• Task instructions
Repeat each record exactly. Any picture gets left out.
Top of Data excerpts
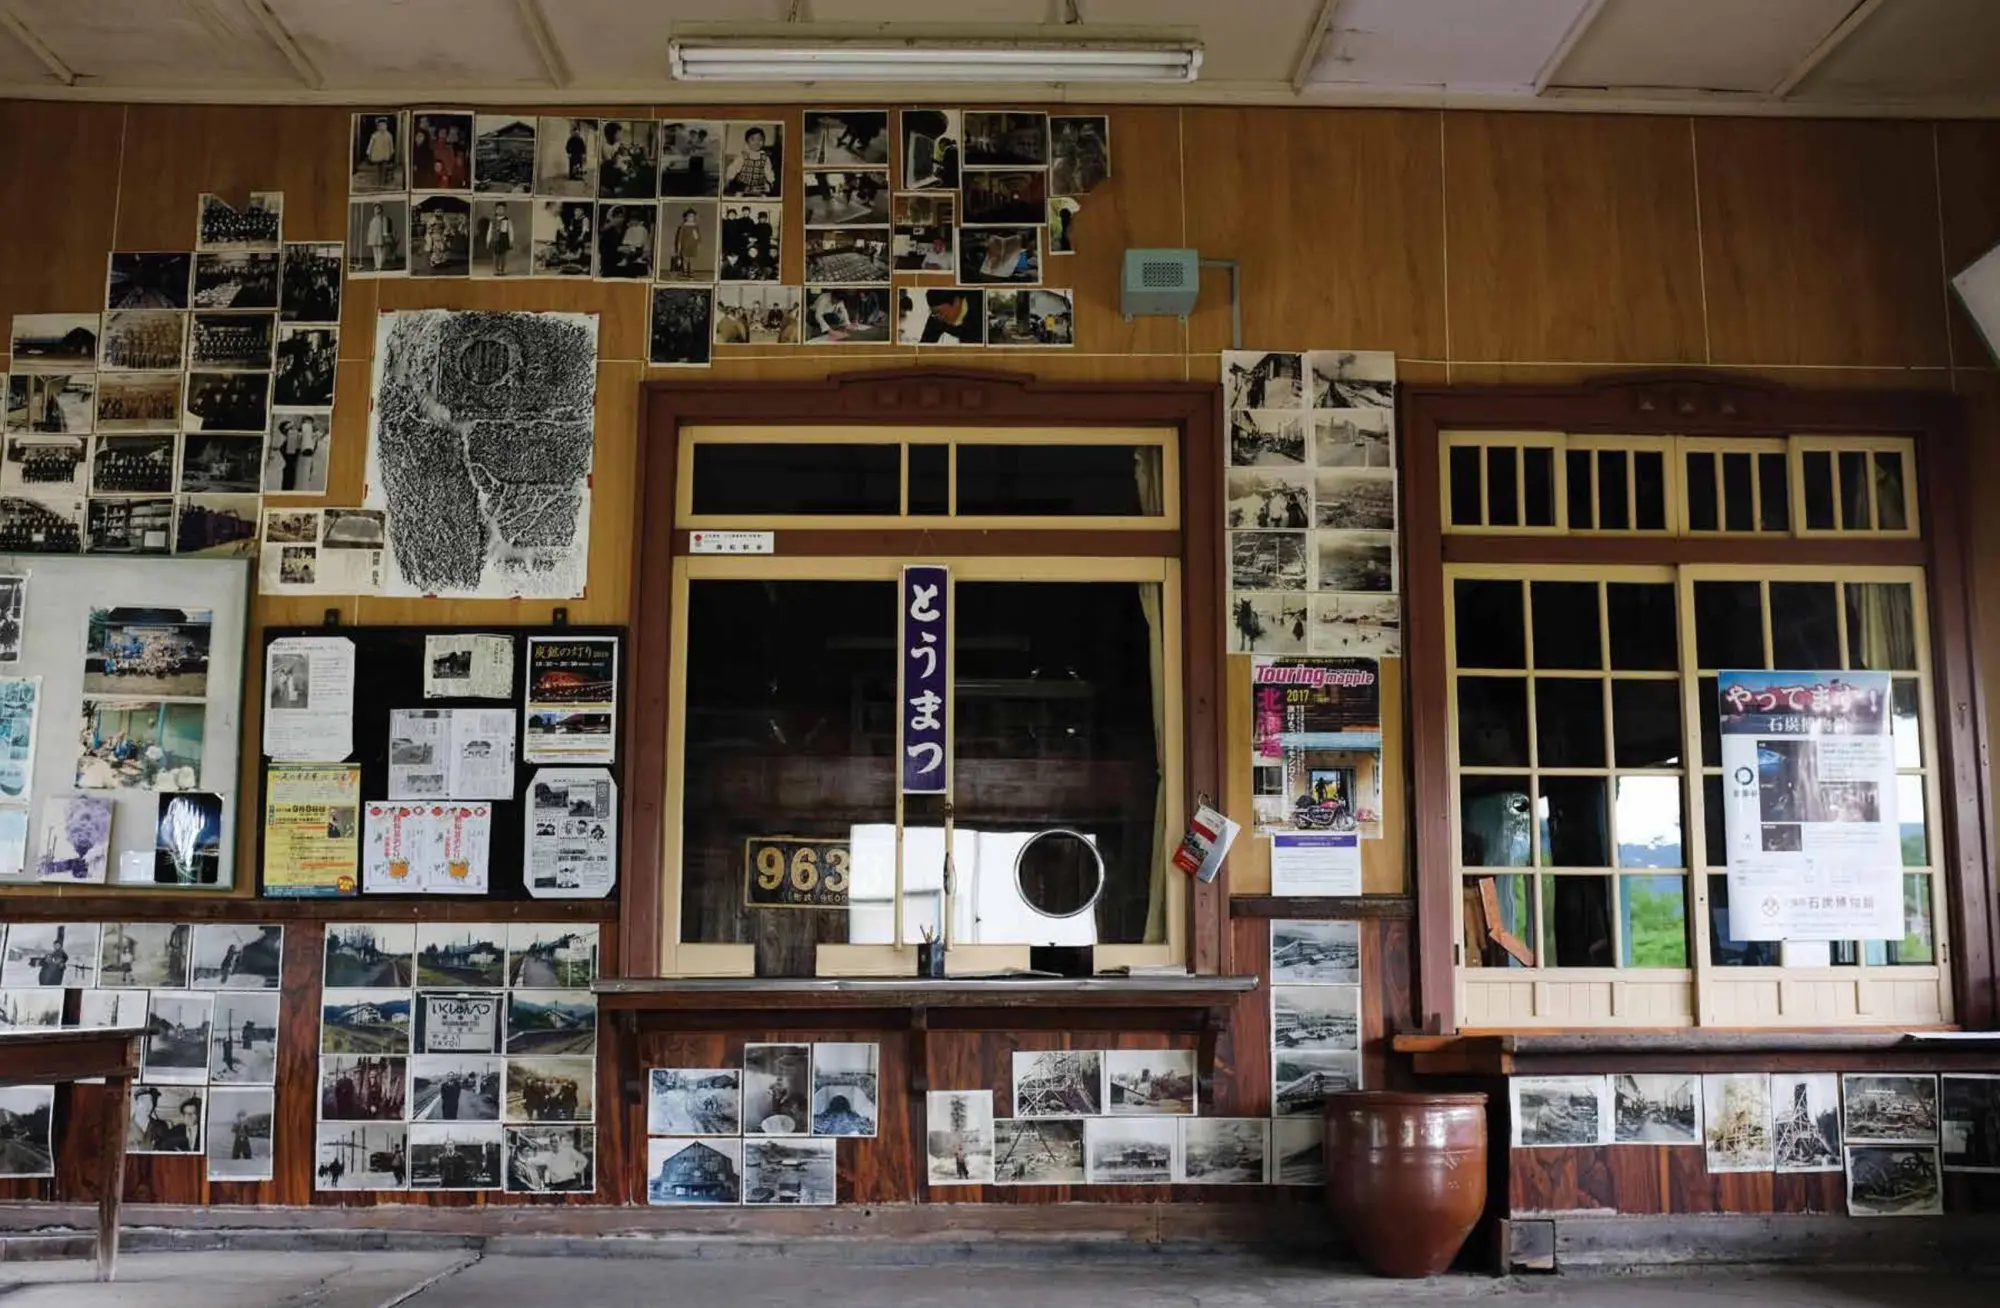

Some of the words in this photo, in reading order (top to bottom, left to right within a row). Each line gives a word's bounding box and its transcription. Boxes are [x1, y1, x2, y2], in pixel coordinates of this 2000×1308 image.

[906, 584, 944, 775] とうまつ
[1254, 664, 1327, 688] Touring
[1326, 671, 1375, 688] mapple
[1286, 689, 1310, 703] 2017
Bottom of Data excerpts
• Finished task
Some of the words in this photo, in reading order (top to bottom, left to right within a row). Each line gives a word's bounding box and its transcription. Boxes are [x1, y1, x2, y2], in pixel coordinates of this 2000×1308 image.

[906, 584, 944, 775] とうまつ
[1254, 664, 1327, 688] Touring
[1326, 671, 1375, 688] mapple
[1286, 689, 1310, 703] 2017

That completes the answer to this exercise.